Asessualità

Articolo di: FEDERICA PARENTI

Negli ultimi decenni, nell’ambito scientifico, i sessuologi hanno cominciato a interessarsi di un fenomeno decisamente in controtendenza rispetto al sapere comune fin’ora a disposizione: sto parlando dell’asessualità e di quella minoranza di persone che si definiscono asessuali.

L’asessualità non va intesa come un fenomeno recente poiché già presente negli anni 50 del 900, ed è solo ultimamente che ha iniziato a divulgarsi come “novità”. Di conseguenza le odierne ricerche sono molto “acerbe”, condotte per lo più da singoli ricercatori, e i dati a nostra disposizione ancora incompleti e insufficienti per poter fornire una panoramica chiara di un fenomeno così complesso.

Nonostante ciò, le ipotesi di base hanno delle buone fondamenta, in quanto per vagliarle stati usati alcuni degli strumenti di valutazione più famosi nel campo sessuologico, come la SAI (Sexual Arousability Inventory)  e la SHQ-R (Clarke Sex History Questionnaire – Revised).

L’asessualità, in linea di massima, può essere definita come una persistente mancanza di attrazione sessuale; i soggetti che si definiscono asessuali, infatti, non trovano gli altri sessualmente attraenti.

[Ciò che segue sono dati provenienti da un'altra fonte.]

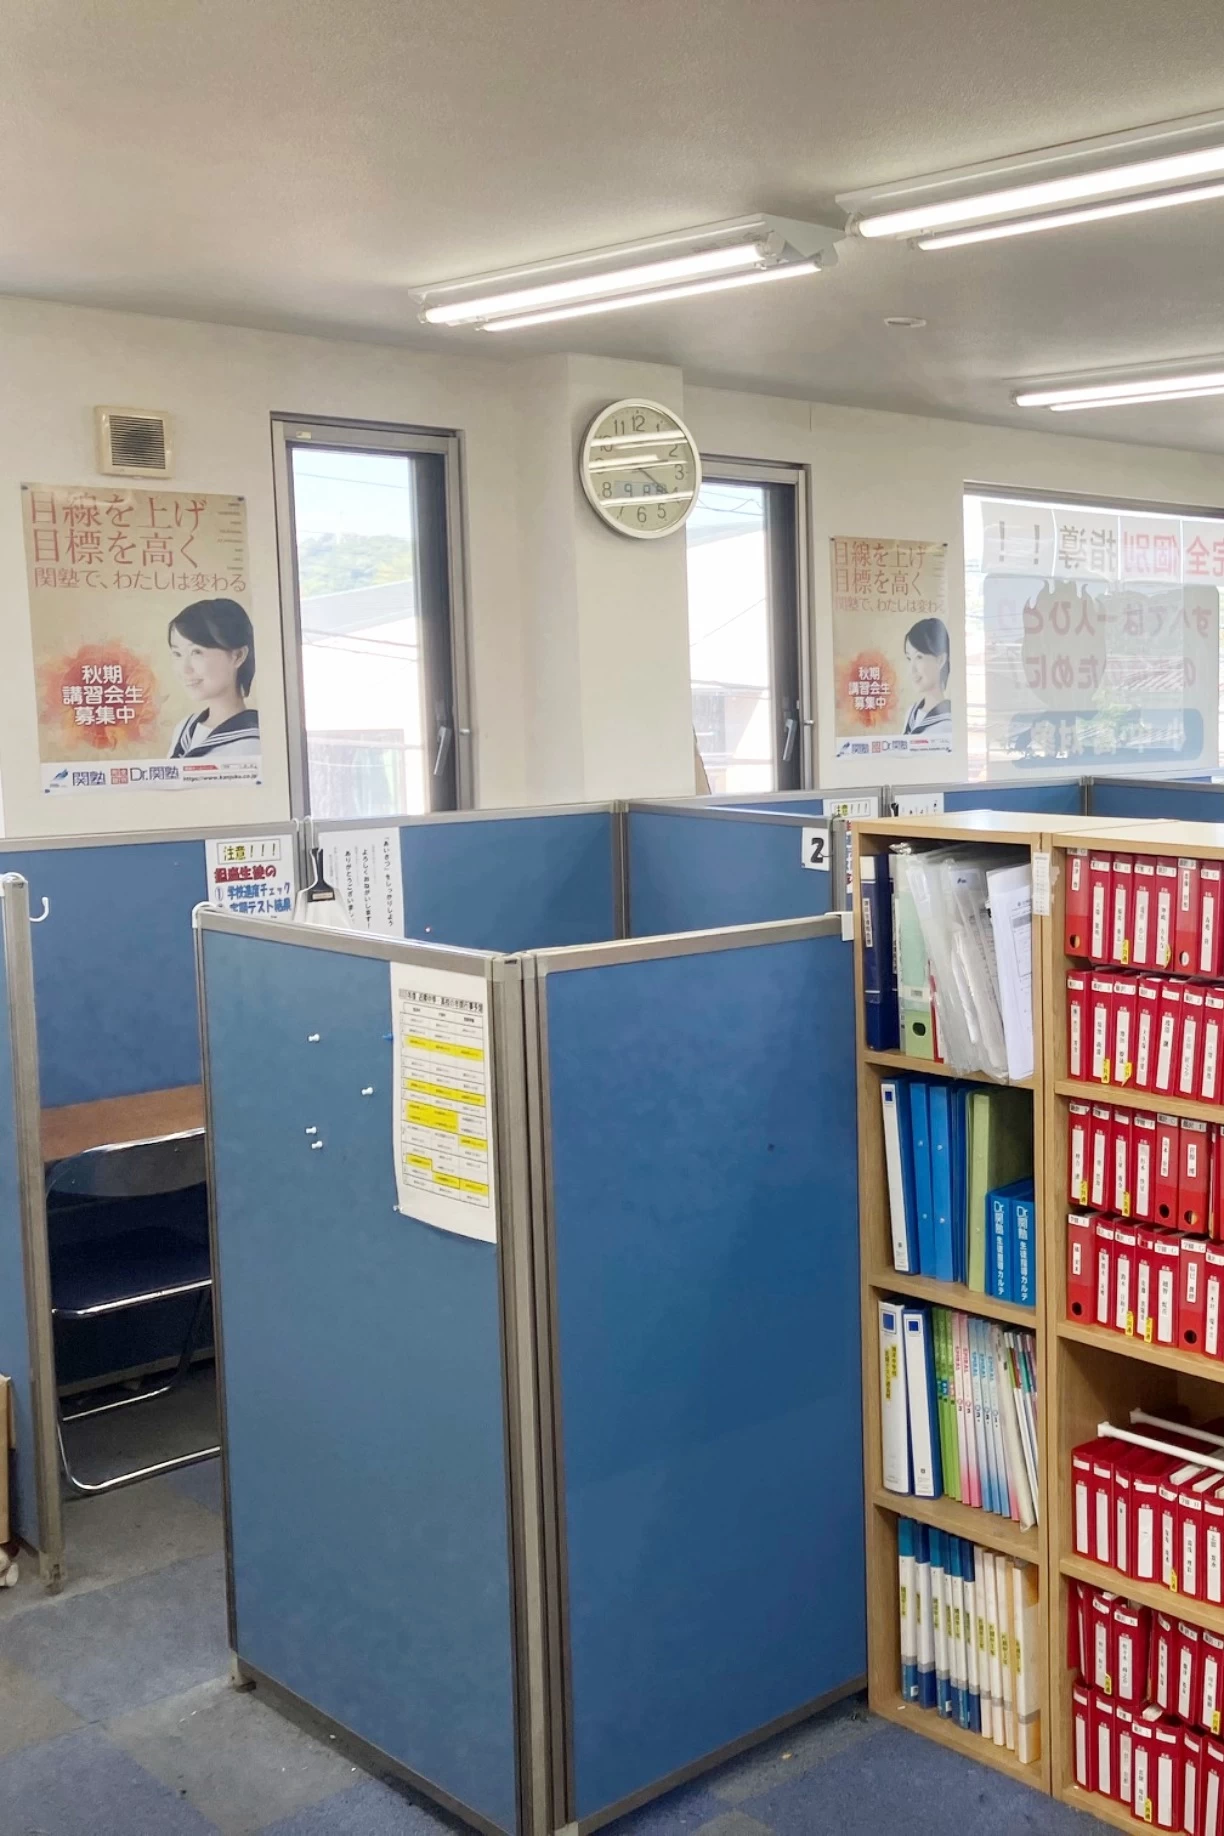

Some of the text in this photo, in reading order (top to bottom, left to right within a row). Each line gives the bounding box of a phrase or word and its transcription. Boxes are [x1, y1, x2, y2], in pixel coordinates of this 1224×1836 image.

[632, 415, 645, 431] 12
[675, 464, 684, 480] 3
[602, 482, 612, 498] 8
[31, 491, 207, 531] 目線を上げ
[637, 507, 646, 522] 6
[33, 528, 198, 568] 目標を高く
[834, 541, 926, 569] 目線を上げ
[34, 567, 246, 592] 関塾で、わたしは変わる
[836, 569, 922, 596] 目標を高く
[81, 665, 123, 684] 秋期
[858, 666, 881, 680] 秋期
[62, 685, 144, 705] 講習会生
[848, 681, 891, 695] 講習会生
[854, 696, 886, 710] 募集中
[74, 706, 136, 725] 募集中
[72, 771, 106, 786] 関塾
[810, 837, 825, 863] 2
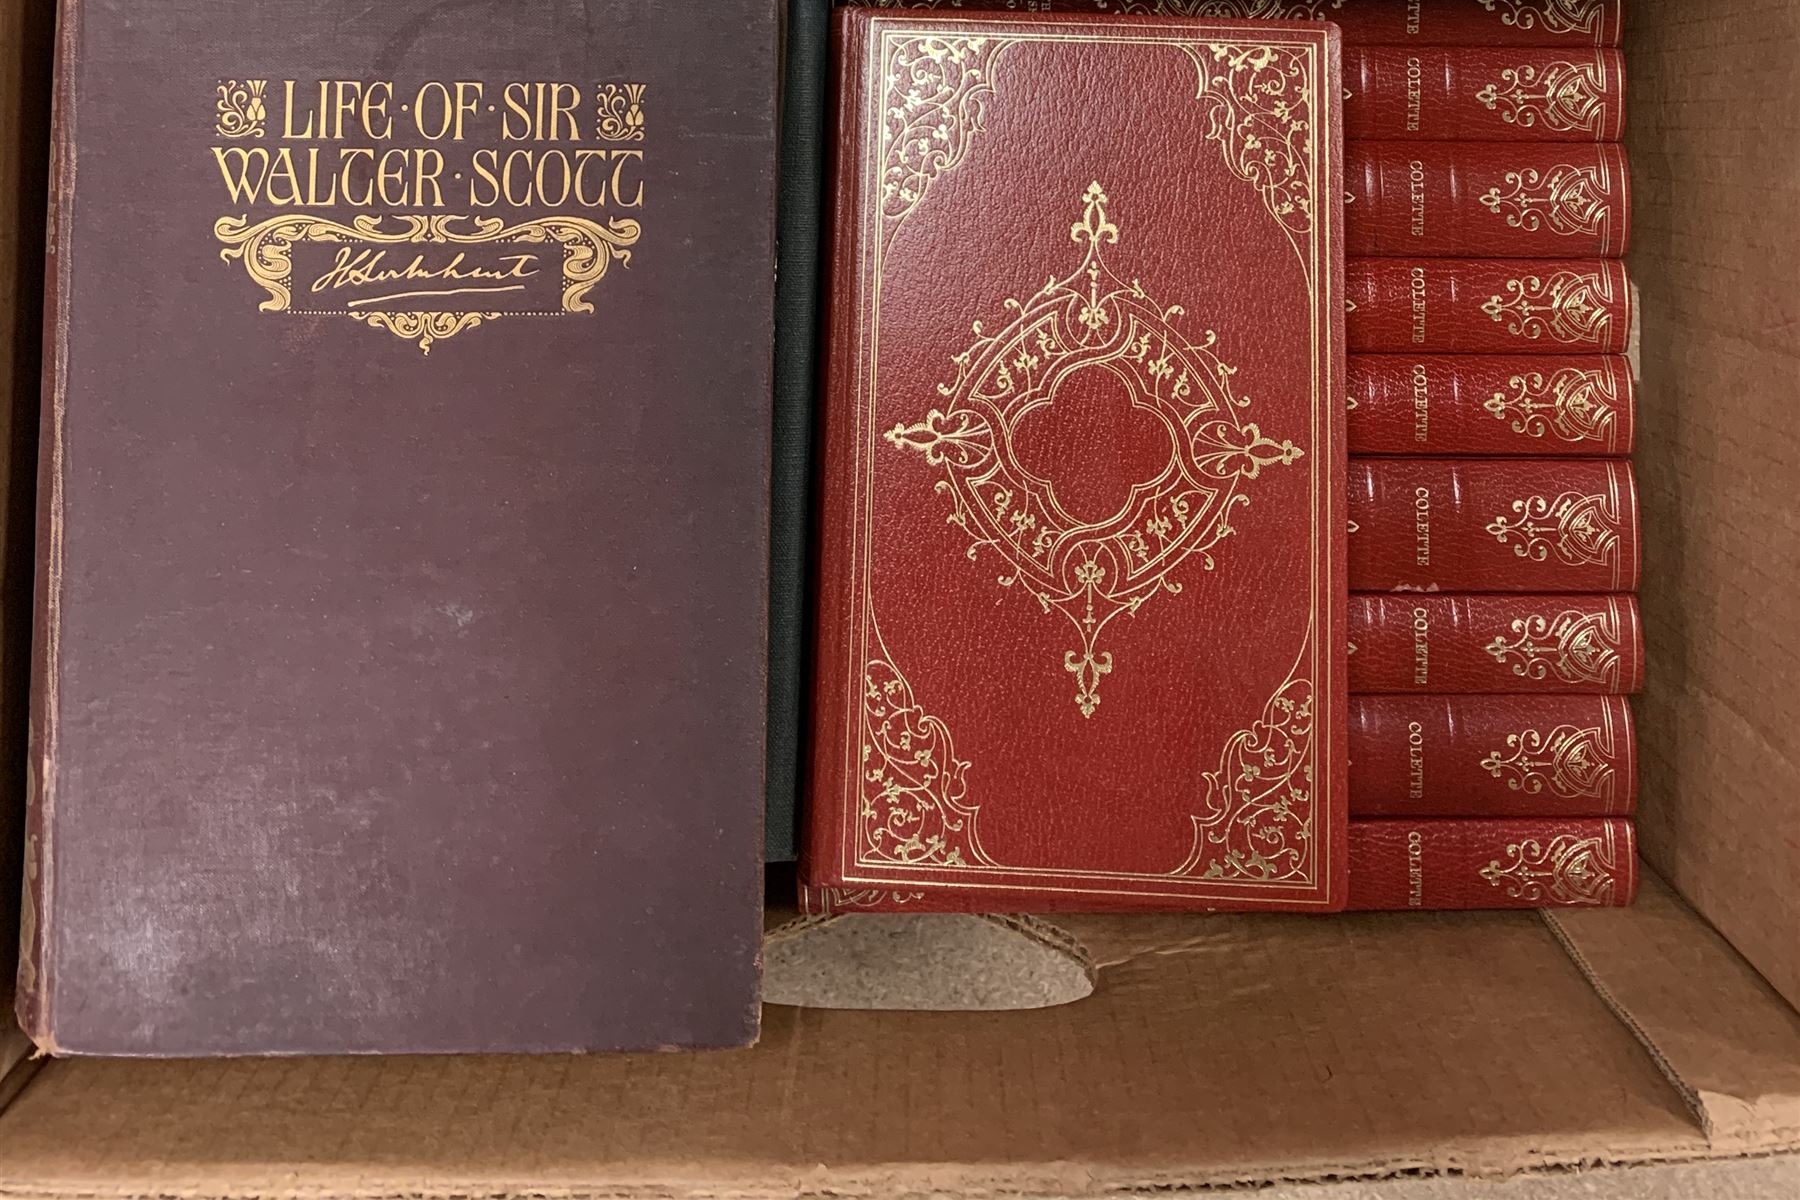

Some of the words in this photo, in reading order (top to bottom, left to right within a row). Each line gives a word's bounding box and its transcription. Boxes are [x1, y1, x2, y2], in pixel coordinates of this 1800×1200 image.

[281, 80, 394, 140] LIFE
[414, 80, 483, 141] OF
[502, 81, 581, 141] SIR
[1406, 57, 1421, 132] COLETTE
[210, 146, 445, 207] WALTER
[470, 148, 645, 208] SCOTT
[1409, 160, 1425, 237] COLETTE
[1410, 267, 1426, 344] COLETTE
[1412, 364, 1429, 442] COLETTE
[1414, 487, 1430, 567] COLETTE
[1412, 607, 1429, 685] COLETTE
[1408, 721, 1424, 799] COLETTE
[1407, 831, 1423, 906] COLETTE

Esistono però anche varie tipologie di asessuali, come ad esempio i “demisessuali” che provano attrazione sessuale solo verso persone con le quali hanno formato un legame più forte, spesso romantico, e gli “aromantici”, ovvero coloro che non hanno nessun tipo di attrazione, né erotica e né romantica. e non sono quindi interessati ad avere una relazione.

Infine vale anche nel loro caso la preferenza per un orientamento piuttosto che per un altro, per cui ci possono essere asessuali etero, omo e persino bisessuali e pansessuali.

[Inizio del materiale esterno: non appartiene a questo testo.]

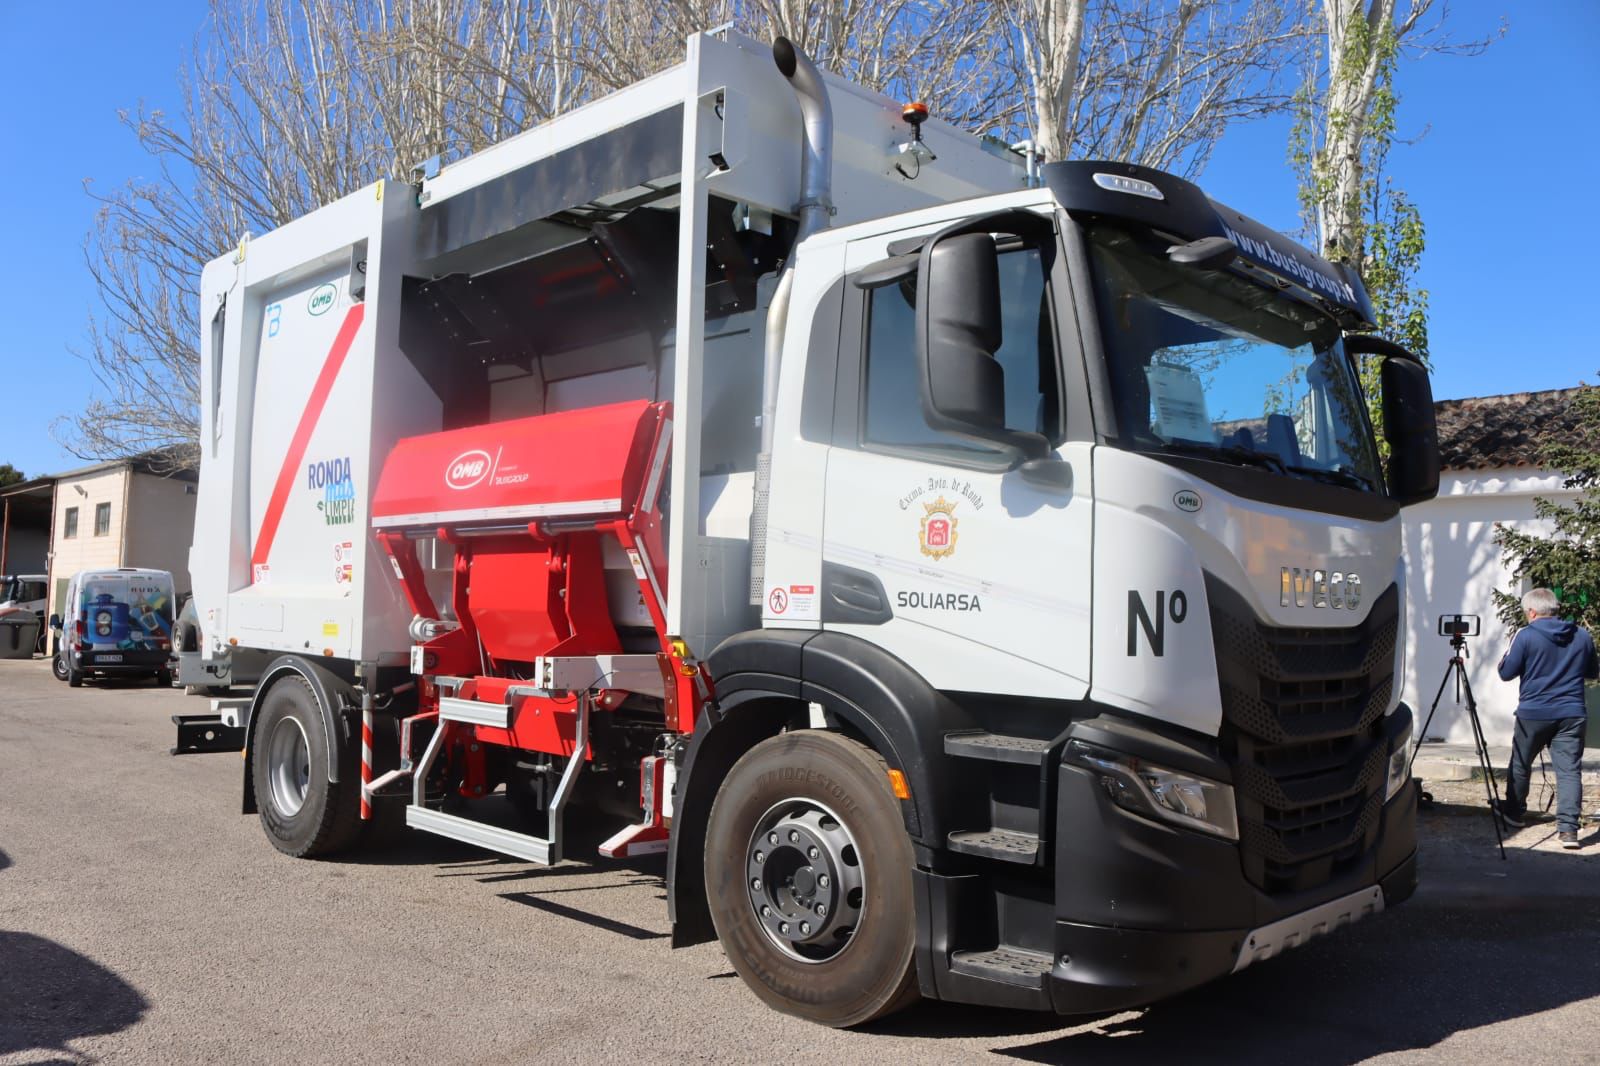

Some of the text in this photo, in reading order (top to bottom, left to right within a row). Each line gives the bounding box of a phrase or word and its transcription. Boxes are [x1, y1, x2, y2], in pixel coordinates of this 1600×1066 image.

[1221, 219, 1358, 304] www.busigroup.it
[308, 456, 351, 490] RONDA
[452, 460, 485, 480] OMB
[961, 481, 984, 511] Ronda
[1178, 495, 1199, 507] OMB
[897, 591, 982, 612] SOLIARSA
[1279, 566, 1362, 610] IVECO

Alcuni modelli psicologici, il primo dei quali è stato formulato nel 2006 da Bogaert, docente e ricercatore della Brock University (di St. Catharines, Ontario, Canada), considerano l’asessualità come una quarta categoria di orientamento sessuale, distinguendola da eterosessualità, omosessualità e bisessualità, mentre altri dopo di lui, l’hanno definita come una mancanza di orientamento sessuale dal momento che la libido non è indirizzata a un’altra persona e non è ben chiaro verso cos’altro venga orientata.

Tali differenti ipotesi sono state formulate anche a causa dei soggetti che hanno partecipato alle varie ricerche, i quali non hanno saputo fornire precise risposte sulla loro identità asessuale. Questo ci dovrebbe far riflettere su quanto sia difficile per queste persone orientare se stesse data la propria condizione.

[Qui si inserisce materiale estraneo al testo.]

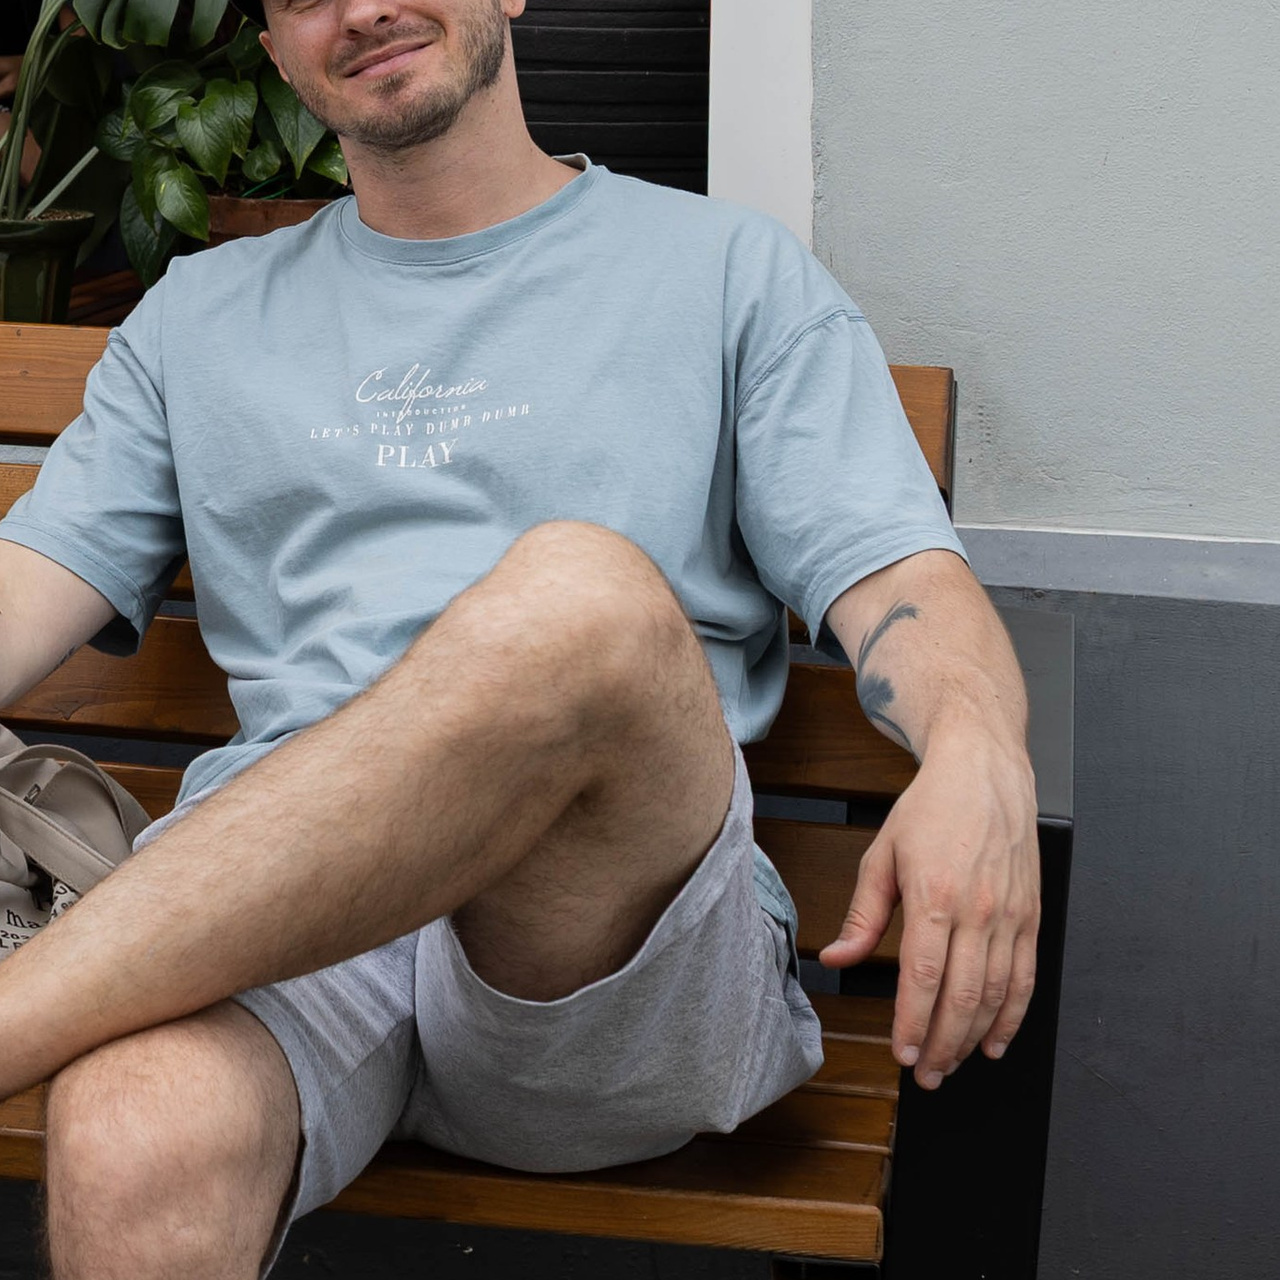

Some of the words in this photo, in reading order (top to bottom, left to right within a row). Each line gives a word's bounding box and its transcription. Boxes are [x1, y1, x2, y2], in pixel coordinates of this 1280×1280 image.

Spesso, infatti, si dichiarano confuse e intimorite dai possibili giudizi affibbiati loro da chi aderisce al modello culturale ipersessualizzato oggi vigente, facendole sentire inadeguate e frequentemente impaurite di non riuscire a comprendere e ad accettare la loro realtà.

Quella “fetta” di studiosi che considera l’asessualità come uno degli orientamenti sessuali, afferma che questa confusione può essere risolta distinguendo l’attrazione in “sessuale” e in “romantica”, senza considerare quella asessuale come una singola realtà omogenea.

Si potrebbe affermare allora che l’orientamento sessuale non sia identificabile esclusivamente attraverso l’attrazione e il desidero sessuale, ma esisterebbe una sorta di trasporto romantico che verrebbe orientato verso un altro individuo.

Personalmente sostengo molto questa ipotesi: mi sembra infatti riduttivo pensare che l’attrazione possa essere determinata unicamente dalla propulsione sessuale, data anche la presenza di diversi e molteplici motivi grazie ai quali è possibile sentirsi coinvolti amorosamente.

L’attrazione “romantica”, completamente estranea a qualsiasi obiettivo erotico, si manifesta col desiderio di avere con l’altro momenti di complicità e di scambio affettivo, che si limitano a baci, carezze, coccole, comprensione e dialogo.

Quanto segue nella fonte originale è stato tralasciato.